# My Brasilia Roma Cappuccino is finally here!



## xXDaedalusXx (Oct 24, 2011)

It was delivered and plumed in by an engineer from Caffe Society this morning.

The service i got from Caffe Society was really good and even though they usually deal with commercial customers it was no problem.









First impressions: It is a very good machine the steaming power is amazing and was able to get silky smooth milk on the first attempt. The steam wand has a 4 hole tip. It also has what Brasilia call a Rossi Brewing System, not sure what it is exactly and a hot water wand.

Its pretty big compared to the Classic and a lot heavier! 28kg without water in it! It has a 2 litre water tank and a rotary pump.

The machine is reconditioned but in very good condition. New it was £1700 and i got it for £840 inc VAT. It also came with 6kg of coffee, 100 sachets of hot chocolate, 1000 sugar sticks, 1 litre bell shaped pitcher, some takeaway cups, cleaning powder for backflushing and a spatula which i probably wont use.

I have attached some pictures too.

Chris


----------



## MikeHag (Mar 13, 2011)

Now that looks like a solid piece of kit for the home! You'll have fun with that, I'm sure.

Here's a link to a user manual incase you need it (Italian and English)

http://www.brasilia-coffee.co.uk/downloads/roma-manual.pdf


----------



## xXDaedalusXx (Oct 24, 2011)

Yeah i definitely will have some fun with it.

Thanks for the link too, much appreciated.

Chris


----------



## BanishInstant (Oct 12, 2009)

A very nice machine you have there. Have you had many comments from visitors, or family members, or having a commercial machine in your kitchen?


----------



## ChiarasDad (Mar 21, 2010)

Wow. Just wow. Congratulations.


----------



## Monkey_Devil (Jul 11, 2011)

Who else got straight on Ebay looking for used 1group commercial machines after seeing this?
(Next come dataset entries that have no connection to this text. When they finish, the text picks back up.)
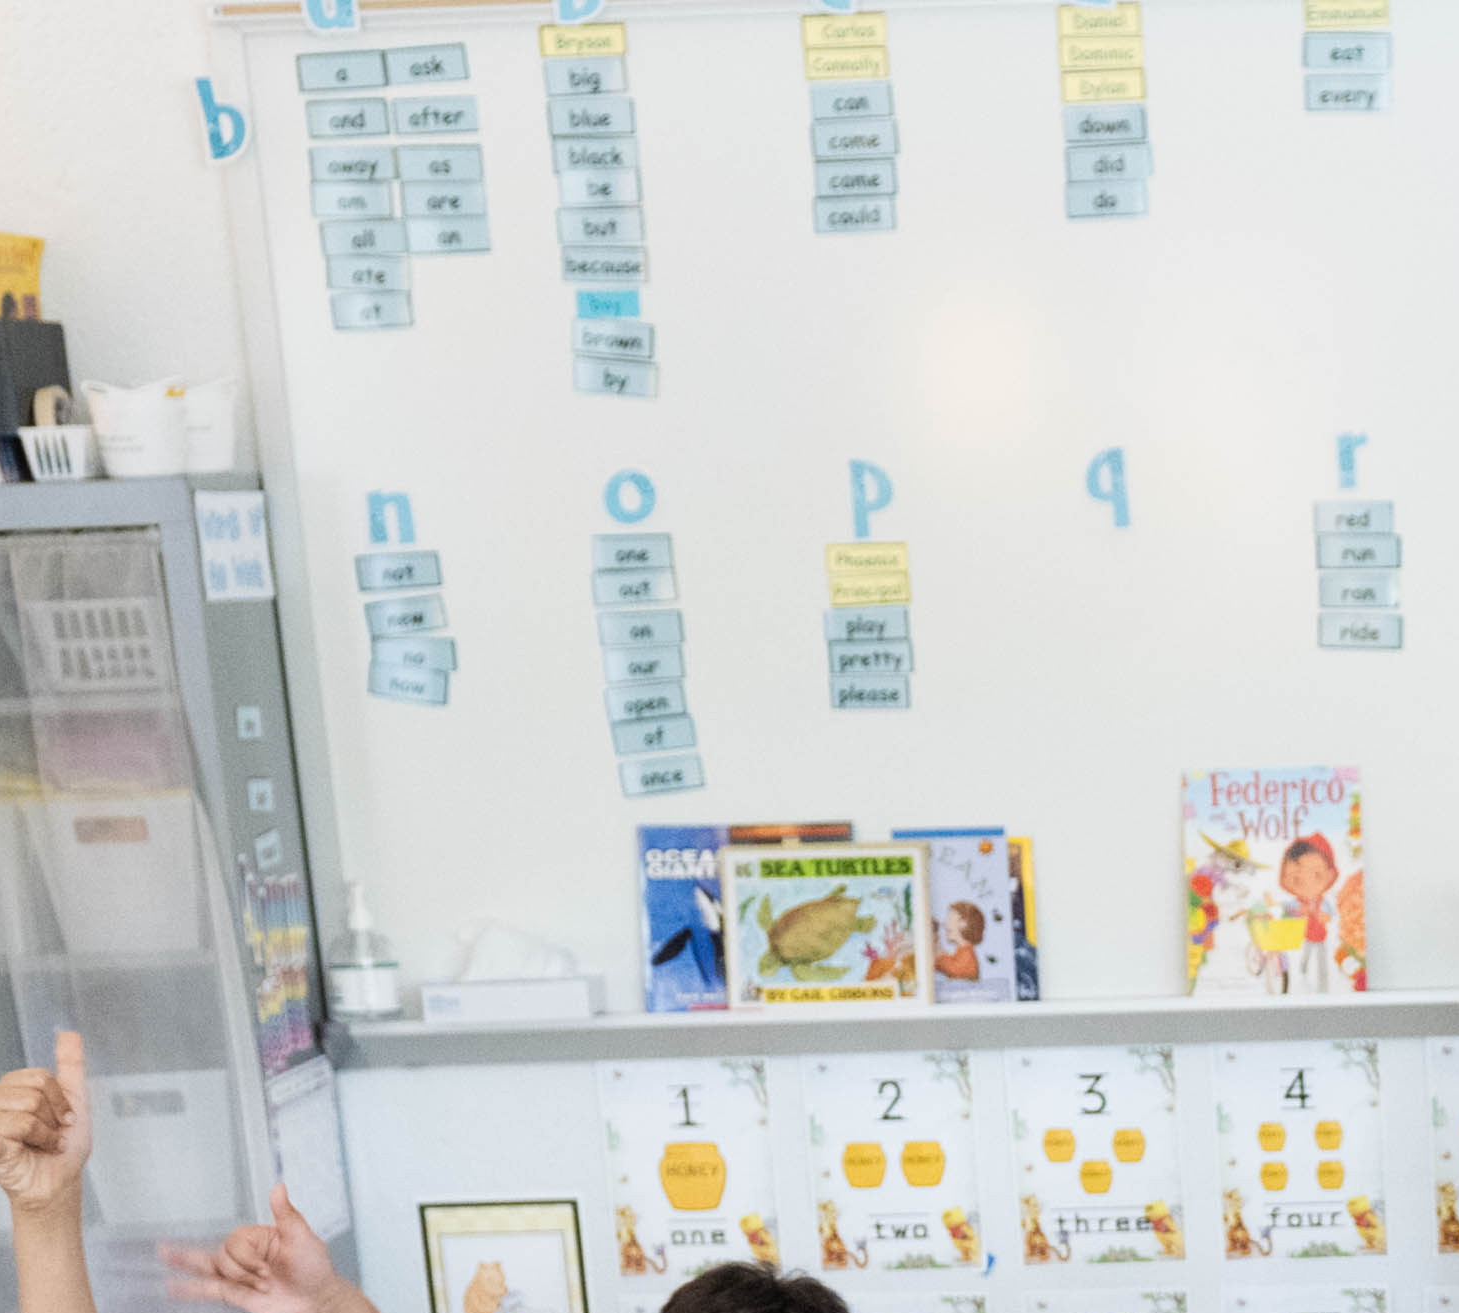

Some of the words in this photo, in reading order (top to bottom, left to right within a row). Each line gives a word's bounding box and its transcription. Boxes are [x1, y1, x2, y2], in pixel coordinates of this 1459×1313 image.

[1328, 42, 1366, 62] eat
[408, 55, 447, 79] ask
[566, 66, 604, 96] big
[832, 94, 870, 113] can
[1318, 86, 1379, 112] every
[194, 77, 245, 160] b
[328, 107, 366, 130] and
[408, 103, 466, 128] after
[567, 106, 614, 128] blue
[1077, 114, 1132, 137] down
[827, 131, 882, 153] come
[326, 157, 380, 182] away
[427, 158, 454, 177] as
[567, 148, 624, 169] black
[1090, 155, 1128, 177] did
[584, 180, 614, 199] be
[1091, 190, 1120, 212] do
[425, 193, 462, 212] are
[350, 227, 378, 250] all
[437, 229, 462, 246] an
[581, 215, 618, 239] but
[564, 253, 642, 274] because
[351, 265, 388, 286] ate
[581, 327, 645, 353] brown
[602, 365, 632, 395] by
[1336, 432, 1370, 490] r
[604, 469, 657, 524] o
[849, 459, 894, 538] p
[1086, 447, 1129, 527] q
[367, 490, 414, 543] n
[1334, 508, 1372, 531] red
[614, 548, 653, 564] one
[1341, 545, 1377, 564] run
[383, 562, 415, 584] not
[618, 578, 652, 598] out
[1342, 583, 1377, 601] ran
[629, 624, 656, 642] on
[844, 613, 887, 642] play
[1340, 620, 1381, 643] ride
[627, 658, 663, 677] our
[838, 650, 904, 677] pretty
[623, 695, 671, 720] open
[837, 682, 902, 710] please
[643, 724, 665, 747] of
[640, 767, 686, 789] once
[1209, 769, 1346, 809] Federico
[1238, 805, 1308, 844] Wolf
[761, 856, 806, 877] SEA
[813, 855, 913, 877] TURTLES
[1077, 1073, 1108, 1115] 3
[1284, 1068, 1311, 1109] 4
[675, 1086, 699, 1127] 1
[877, 1079, 905, 1122] 2
[665, 1162, 720, 1179] HONEY
[874, 1221, 930, 1240] two
[1057, 1211, 1152, 1233] three
[1269, 1207, 1343, 1231] four
[670, 1229, 727, 1246] one
Congrats, I'm "well jelz", as the locals here in Essex say. Would love something like that, partly for the play, partly for the showing off


----------



## Glenn (Jun 14, 2008)

That's a great price for a hefty piece of kit for home use.
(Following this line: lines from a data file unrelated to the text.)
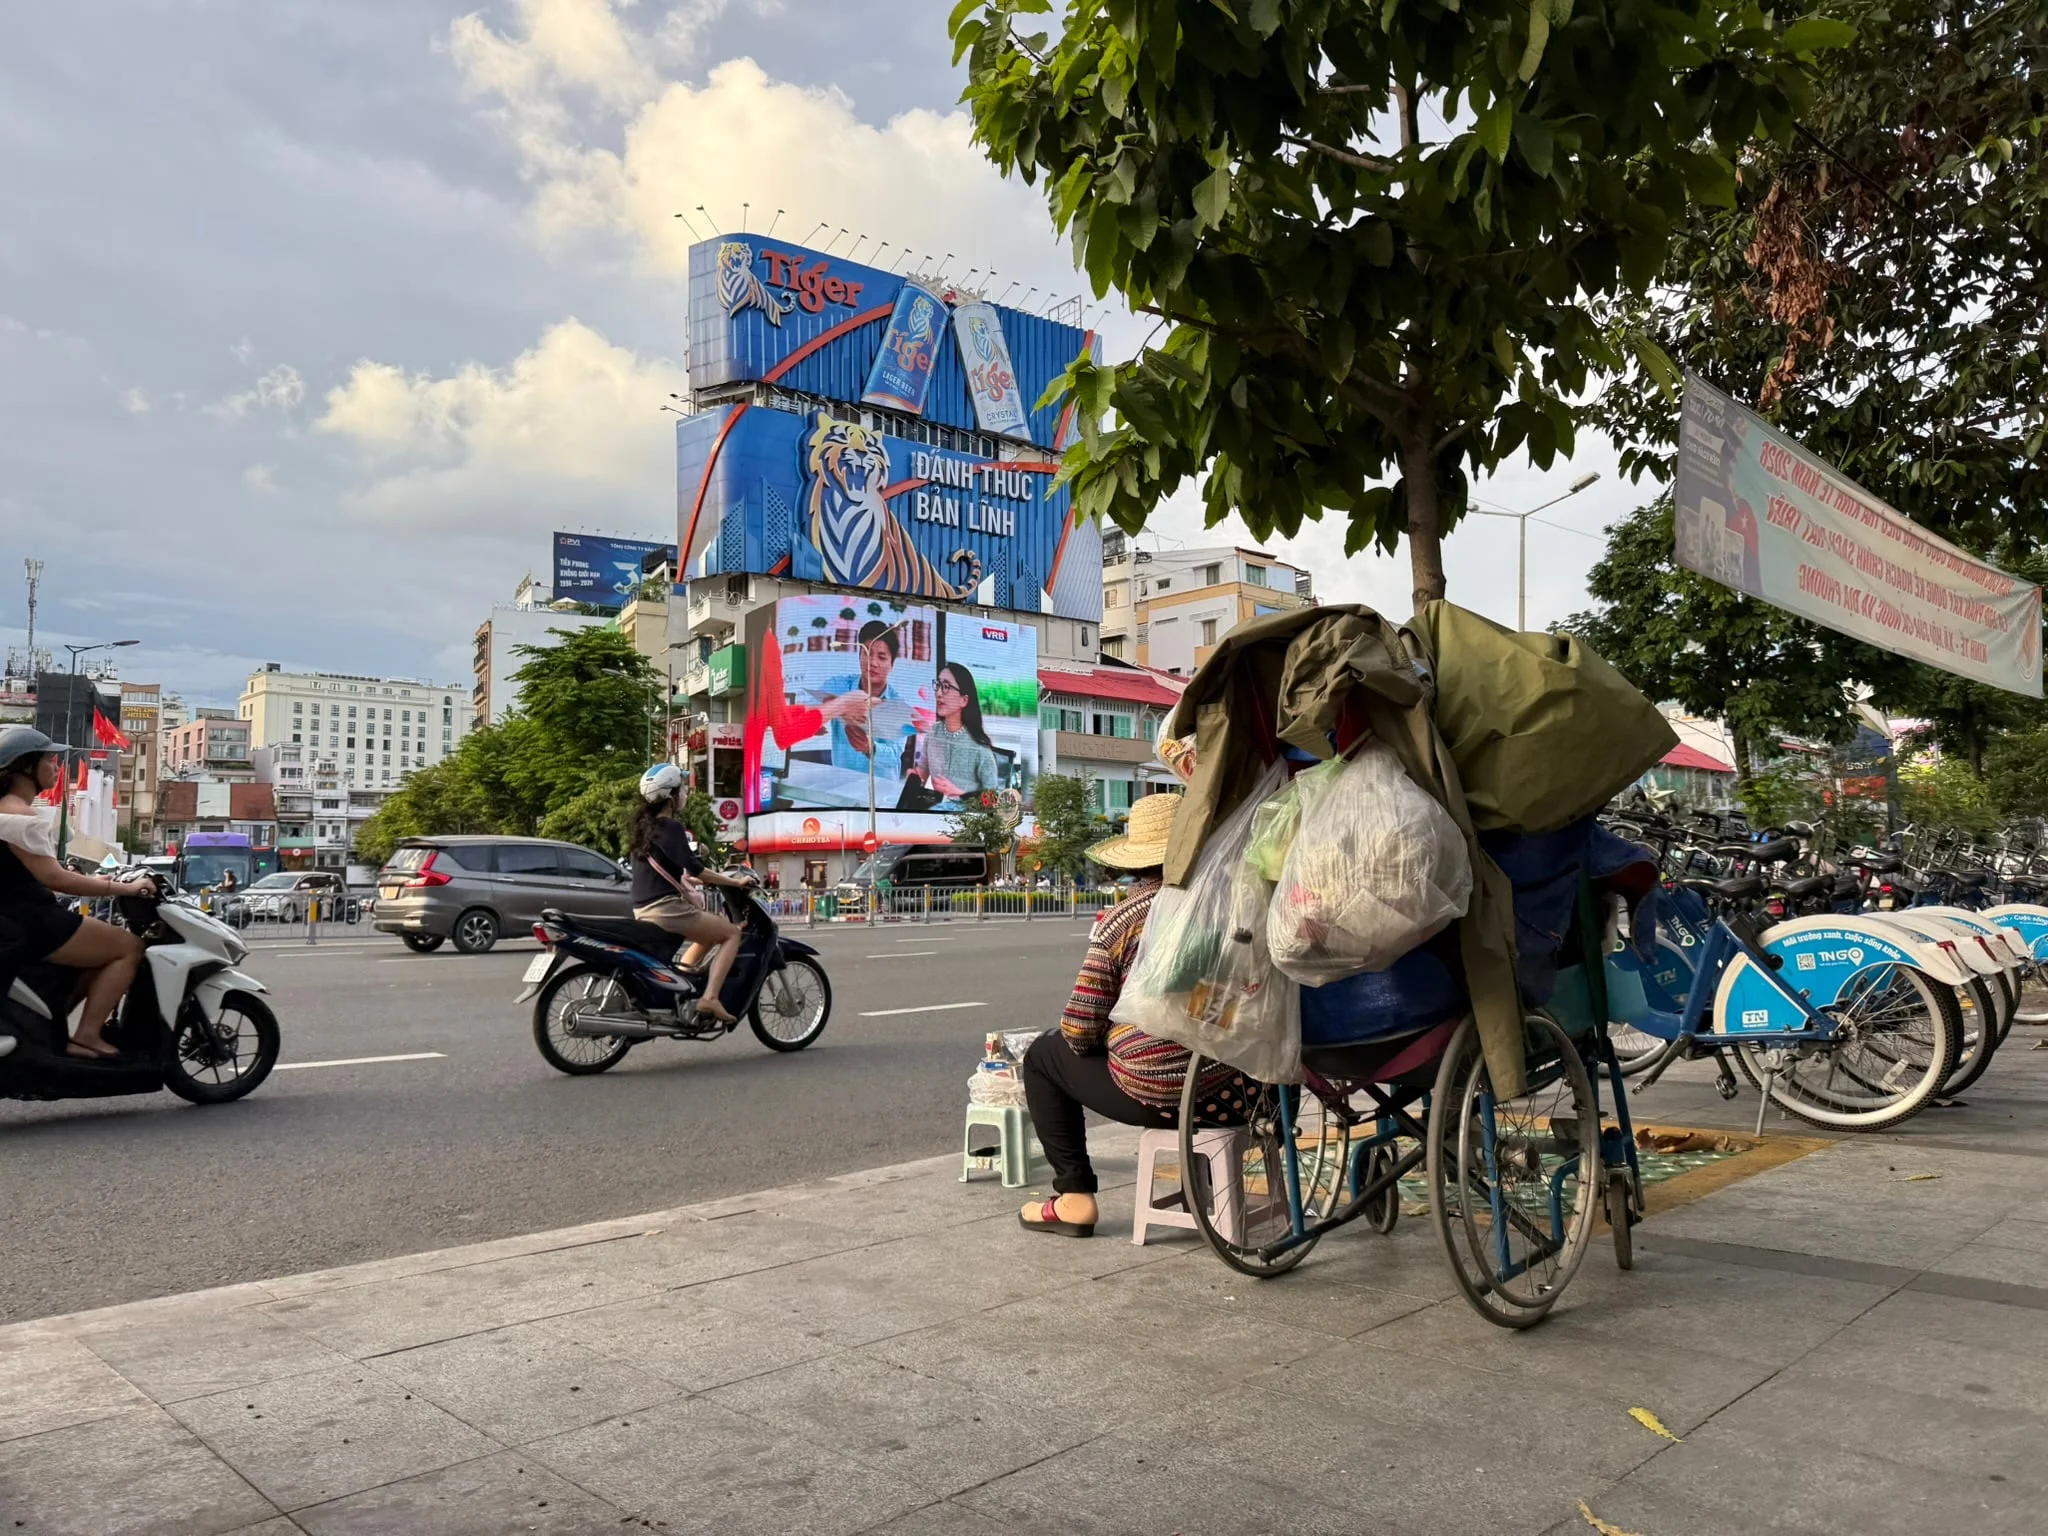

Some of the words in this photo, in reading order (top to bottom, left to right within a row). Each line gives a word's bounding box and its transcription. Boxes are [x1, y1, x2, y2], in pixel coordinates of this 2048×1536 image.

[762, 249, 864, 313] Tiger
[987, 409, 1017, 421] CRYSTAL
[917, 449, 973, 489] ĐÁNH
[981, 465, 1033, 501] THỨC
[917, 486, 959, 527] BẢN
[969, 499, 1014, 537] LĨNH
[985, 630, 1005, 640] VRB
Good to see pics of the machine too. Thanks for sharing them


----------



## xXDaedalusXx (Oct 24, 2011)

Thanks for all the comments.

The first thing friends said was, wow, followed by make me a drink then.
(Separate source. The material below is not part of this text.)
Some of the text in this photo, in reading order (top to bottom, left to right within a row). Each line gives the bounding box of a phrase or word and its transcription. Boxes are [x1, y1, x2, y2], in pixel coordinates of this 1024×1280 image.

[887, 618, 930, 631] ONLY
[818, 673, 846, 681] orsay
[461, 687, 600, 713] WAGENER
The machine so far has been good. I love how I don't have to wait around anymore for the machine to catch up like I did with the classic, steam is always ready and a lot more powerful although, not as powerful as the Synesso cyncra I got to use on Friday (I would love to own that machine







). The poor little mc2 looks out of place next to the Roma Cappuccino. A better grinder wil eventually be on the list but the mc2 is fine for now.

Chris


----------



## xXDaedalusXx (Oct 24, 2011)

Just a little update on the machine so far.

The steam pressure was at 1 bar which is fine but kept dropping by half when the steam was turned on. I told Caffe Society about this and they sent an engineer out today. Brilliant service, can't fault them for anything. I do find it amusing that both the engineer that installed the machine and the one that came out today were looking for a coffee shop.

To solve the problem he adjusted the pressurestat and he also moved the water level probe down an inch so less water came into the boiler. The steam is plenty powerful enough now and I can steam milk really fast.

Chris


----------



## BanishInstant (Oct 12, 2009)

Glad to hear you are still enjoying your machine and able to iron out minor kinks.


----------